EXERCISE
An exact restatement of the data below, with the pictures removed, is the required answer.

Top of DATA TO EXAMINE

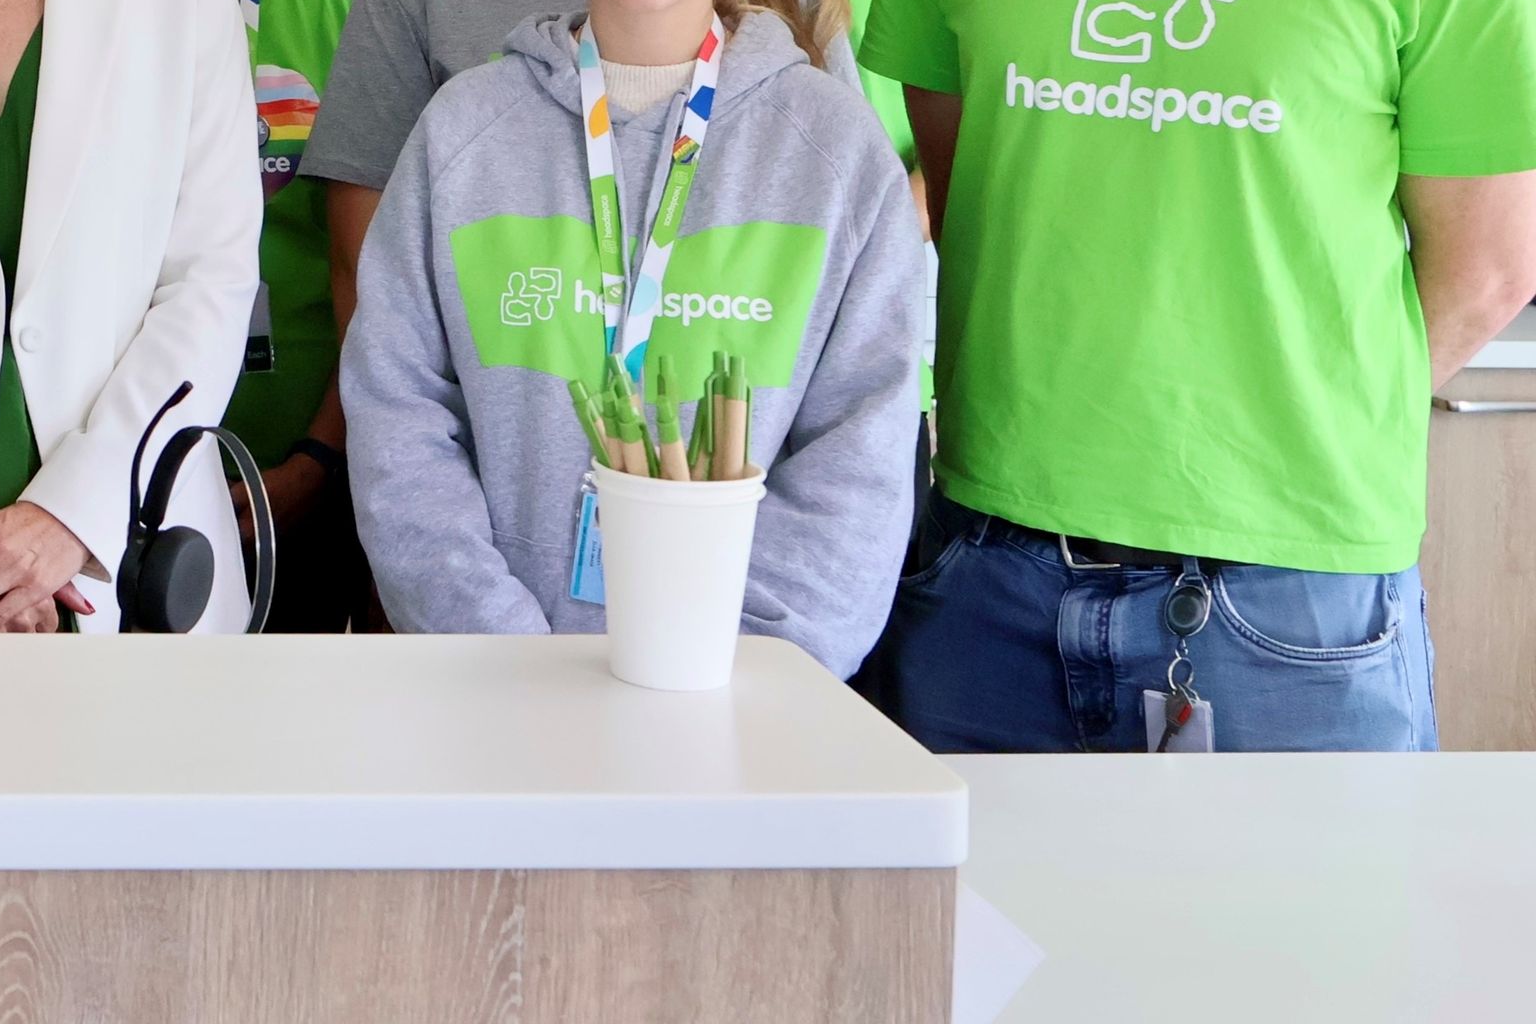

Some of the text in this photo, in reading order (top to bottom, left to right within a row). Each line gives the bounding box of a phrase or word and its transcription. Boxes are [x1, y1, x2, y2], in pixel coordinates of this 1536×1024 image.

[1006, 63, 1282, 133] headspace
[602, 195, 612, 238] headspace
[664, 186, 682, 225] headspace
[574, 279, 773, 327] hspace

Bottom of DATA TO EXAMINE

ANSWER AREA
Some of the text in this photo, in reading order (top to bottom, left to right within a row). Each line gives the bounding box of a phrase or word and its transcription. Boxes are [x1, y1, x2, y2], in pixel coordinates of this 1536×1024 image.

[1006, 63, 1282, 133] headspace
[602, 195, 612, 238] headspace
[664, 186, 682, 225] headspace
[574, 279, 773, 327] hspace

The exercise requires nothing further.